4/26/2024
Today from Hiiraan Online:  _
advertisements
‘The Body of an American’ goes beyond the infamous Black Hawk Down photo

Thursday May 5, 2016

advertisements
Photojournalist Paul Watson won a Pulitzer Prize for his image of a U.S. soldier’s body being dragged through a Mogadishu street after a Black Hawk military helicopter was shot down over Somalia in 1993.

The physical and emotional hazards of Watson’s line of work are brought to life with extraordinary clarity in Dan O’Brien’s “The Body of an American,” which won a prestigious honor of its own in 2013, the Edward M. Kennedy Prize for drama inspired by American history.

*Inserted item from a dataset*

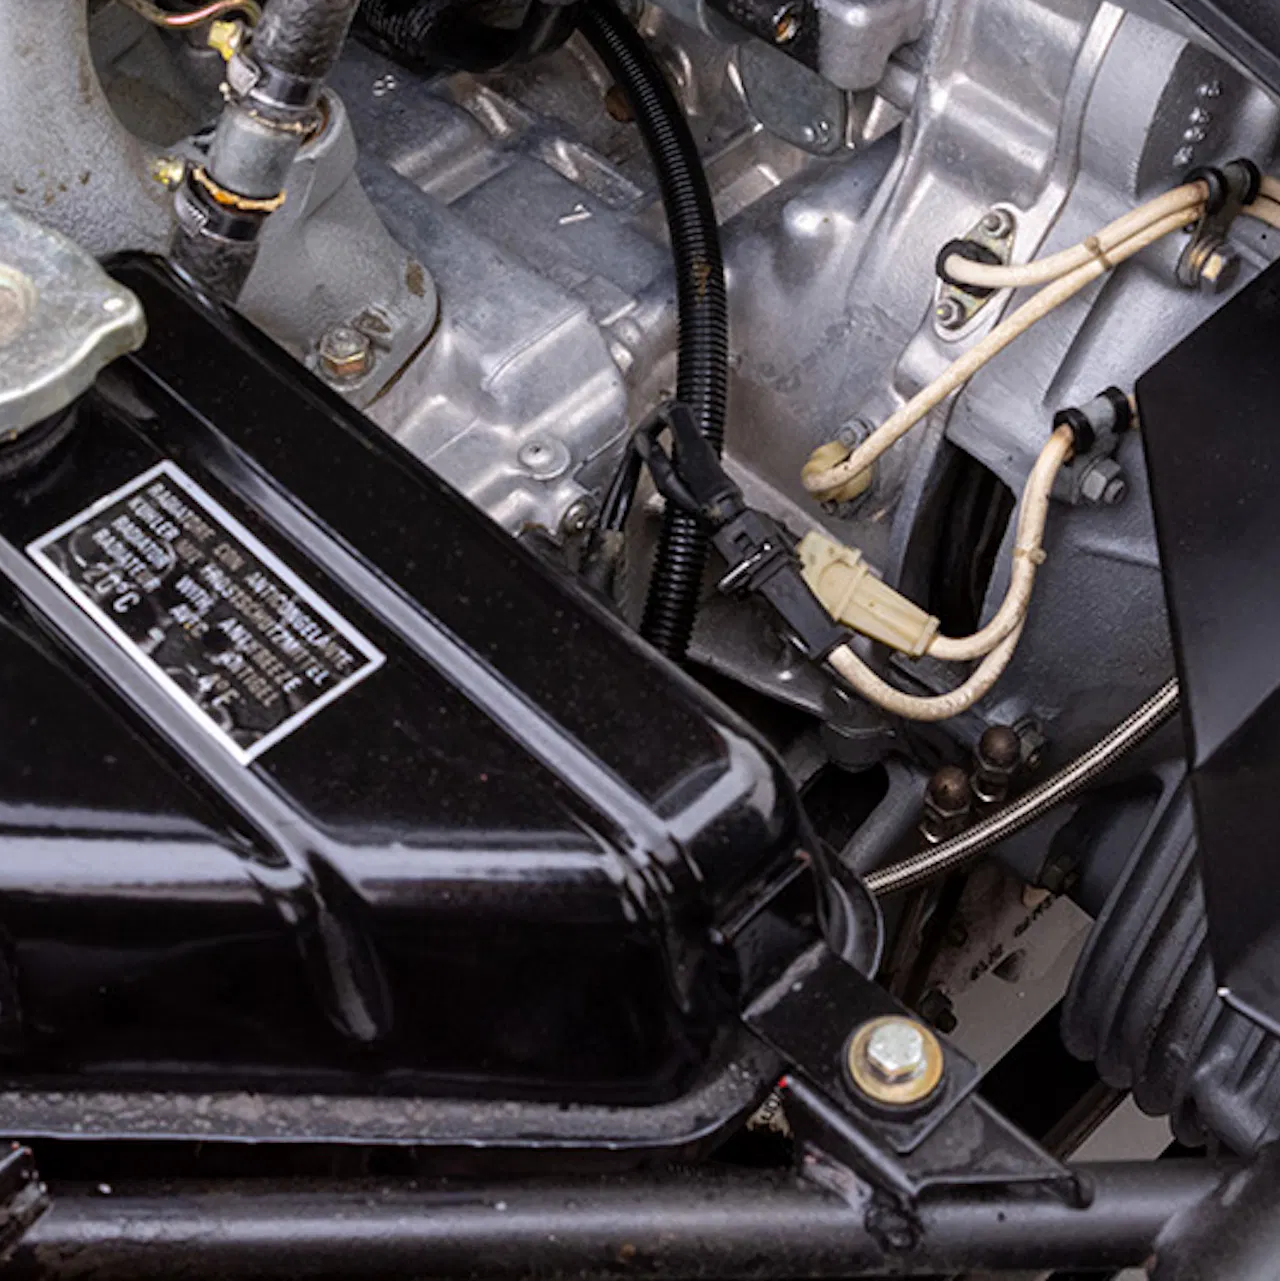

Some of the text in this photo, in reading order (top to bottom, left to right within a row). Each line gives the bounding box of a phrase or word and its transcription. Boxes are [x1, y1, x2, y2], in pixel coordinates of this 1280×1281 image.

[90, 526, 281, 706] RADIATEUR AVEC ANTIGEL
[109, 514, 302, 693] RADIATOR WITH ANTIFREEZE
[144, 480, 355, 670] RADIATORE CON ANTICONGELANTE

As performed at Theater J, this two-character play — a sort of post-traumatic friendship between Watson and O’Brien — is frequently exhilarating. Thomas Keegan plays O’Brien and Eric Hissom is Watson, and they are a couple of amped-up guys whose veins course with adrenaline.

The way O’Brien writes it, they gush dialogue with the fevered intensity of men managing a crisis. Sometimes Watson and O’Brien swap identities, and as the story globe-trots, they play characters from Somalia to Canada. They live on an edge. They seem to share a brain.

Director José Carrasquillo’s production hurtles elegantly through this mindscape. The pinpoint design is an open stage with projections by Tim McLoraine at the back, sometimes of Watson’s photos.

Dan Covey’s lights are superb at sweeping the settings from Watson’s hotspots as a Toronto Star (and later a Los Angeles Times) correspondent to the frigid Wisconsin where O’Brien is teaching and emailing Watson about possibly collaborating on a play.

Snow falls sideways on the projections as the two men huddle near the Arctic Circle, where Watson’s strange career has led him — and where O’Brien eagerly journeys for a meeting.

The fast-moving play is a tale of haunted men. Watson has said that as he snapped the photos of the slain William David Cleveland, he heard Cleveland’s voice say, “If you do this, I will own you forever.” Hissom’s performance is a wonderfully fluid account of Watson: He’s loose and deceptively low-key yet wound tight enough to snap, with a gaze that’s often half-fixed somewhere else. Watson was born without a left hand, a fact Hissom typically renders by clenching his own left hand into a fist; on some level, that registers as another element of the character’s deeply rooted combativeness.

That’s the trait that binds him to O’Brien, played by Keegan as an adventure junkie with a bit of a fanboy crush on the famous photographer. O’Brien is dragging his own ghosts around, family baggage and estrangement that takes a heavy toll. Keegan’s gruff approach to O’Brien is to keep pushing and moving: He’s aggressive, yet not really confident.

That slight imbalance is perfect. These guys are off, and they know it. “Misfits,” Watson says at one point about the crowd he runs with. O’Brien the playwright digs into why, and the 90-minute play eventually shadowboxes so relentlessly that it almost wears itself out. A couple of slower passages are utterly riveting, though — longer speeches from Watson and O’Brien prying open their past, and a late encounter between Watson and Cleveland’s brother that must have been a wrenching reckoning.

A lot of this is true, obviously, and you have to admire the pressurized shape that the writer has found for his story. Also admirable is the grace of Carrasquillo’s lean, high-octane show. You feel for these men — by the way, Watson will talk about his work Sunday, May 15, at a Pulitzer-related Newseum event — and you also get a sobering reflection of the effect that the Mogadishu photo had on world events over the years.

Final note: O’Brien’s play shared the first Kennedy Prize in 2013 with “All the Way,” the LBJ drama now playing at Arena Stage. All the other winners except this year’s (“Hamilton,” of course) have been seen around here lately, with Suzan-Lori Parks’s “Father Comes Home From the Wars (Parts 1, 2 and 3)” at Round House Theatre in February and Dominique Morisseau’s “Detroit ’67” running at Baltimore’s Center Stage (temporarily based in Towson) through this weekend. That’s a solid body of work, a heady streak that has given area theater an invigorating jolt.